(Referring expression grounding data)
━━━━
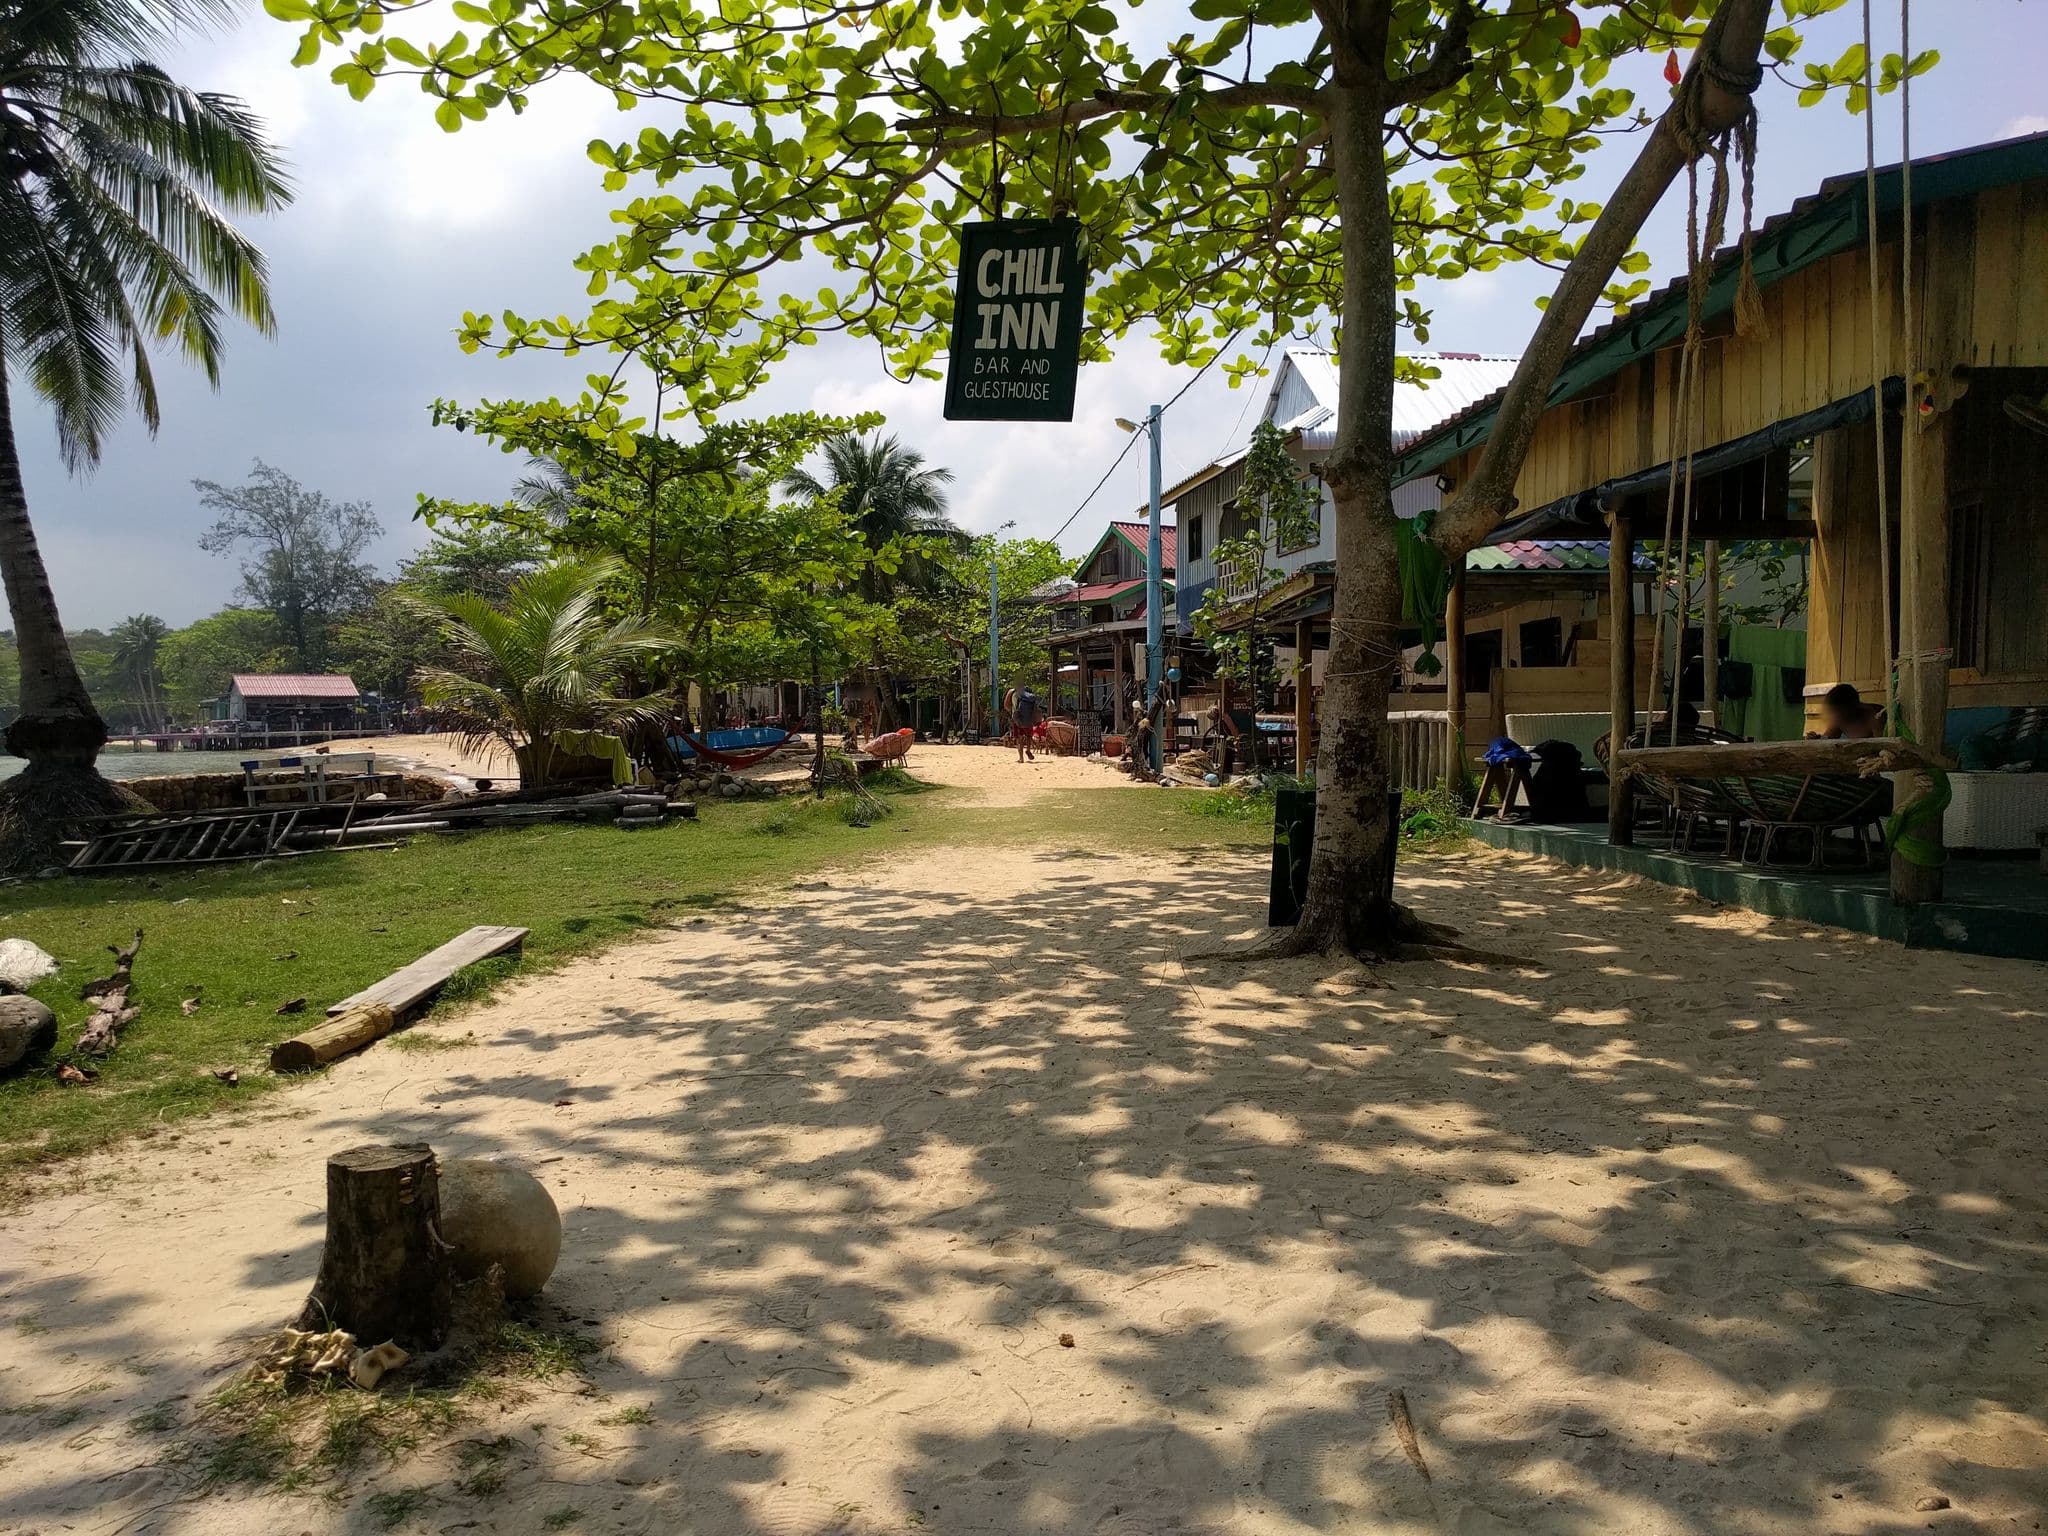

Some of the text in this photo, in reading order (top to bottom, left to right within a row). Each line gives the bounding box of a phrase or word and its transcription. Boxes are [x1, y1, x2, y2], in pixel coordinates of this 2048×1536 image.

[976, 246, 1064, 298] CHILL
[974, 301, 1060, 350] INN
[973, 357, 1050, 375] BAR AND
[964, 381, 1050, 400] GUESTHOUSE
━━━━
**Problem statement**. Write out every entry above exactly as it stands, minus the pictures.

**Reply**.
Some of the text in this photo, in reading order (top to bottom, left to right within a row). Each line gives the bounding box of a phrase or word and its transcription. Boxes are [x1, y1, x2, y2], in pixel coordinates of this 2048×1536 image.

[976, 246, 1064, 298] CHILL
[974, 301, 1060, 350] INN
[973, 357, 1050, 375] BAR AND
[964, 381, 1050, 400] GUESTHOUSE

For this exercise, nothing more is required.